To say that Orson Wells film from 1973 defies convention is too simple of a statement.  The first 3 minutes of this film are a wash in level upon level of sophisticated control of the audience.  He begins with an understanding of the trust we place in the moving image, in the artifice of documentary, in even his own voice. Within the 3 minutes he reminds us of the trust by being “honest” by confiding in the audience about the goals of the film. By showing us fakery and setting himself up as the safe, trusting persona of the film. His voice says to the young boy “Raise your arm 10 feet above your head” The boy raises his arm. Obviously NOT ten feet above his head. We know the boy cannot do this, Orson knows we know.

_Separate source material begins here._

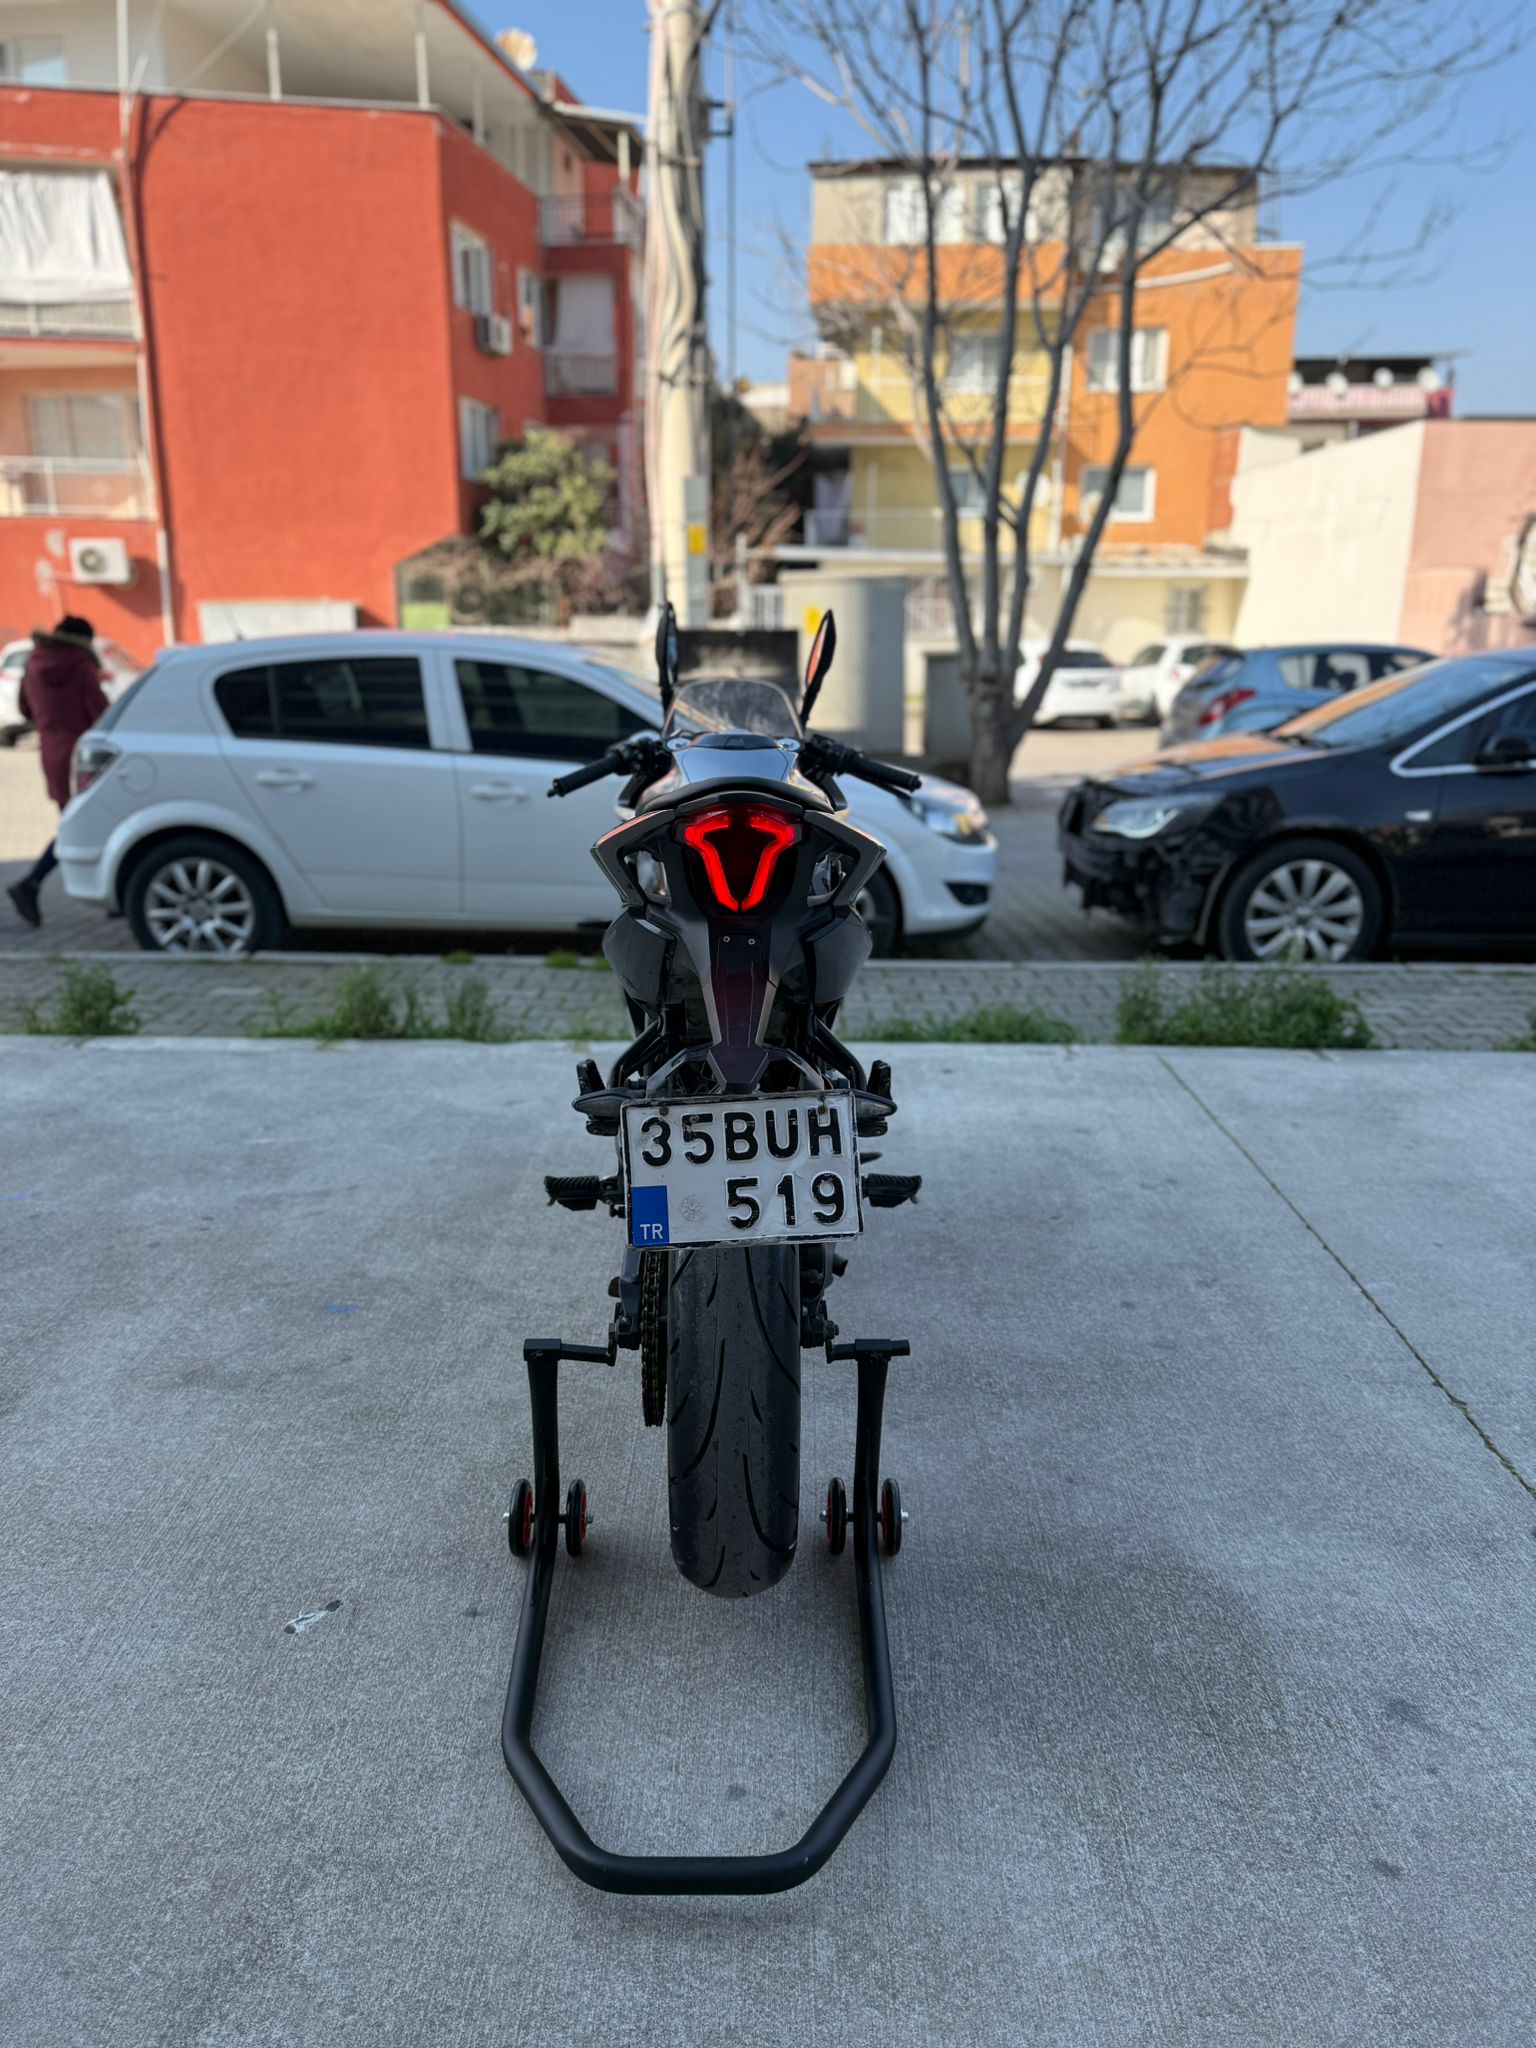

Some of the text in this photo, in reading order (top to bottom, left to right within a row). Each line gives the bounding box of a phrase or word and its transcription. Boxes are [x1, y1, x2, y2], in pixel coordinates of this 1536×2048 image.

[640, 1108, 843, 1167] 35BUH
[726, 1172, 845, 1230] 519
[639, 1223, 664, 1241] TR

We understand that he is sharing an exaggeration with the child, a witticism with the audience and above all, a use of exaggeration or lie to convey humor. we accept it, we are inside the joke with Orson and the boy.  We trust him because he is sharing and confiding and honoring us by letting us be in on the moment.  This small touch echoes throughout the film.  He builds layer upon layer of deception, trust, a meta relationship with the audience.

Like pornography, we forget that someone is filming this.  Someone is behind the camera, the sound the music the moments are all contrived.  They have been edited to make us see certain events in a order to manipulate us.

There is no other master magition on earth who ever was as good at this as Orson Wells. Looking at the first three minutes of this film is tantamount to an education in visual studies.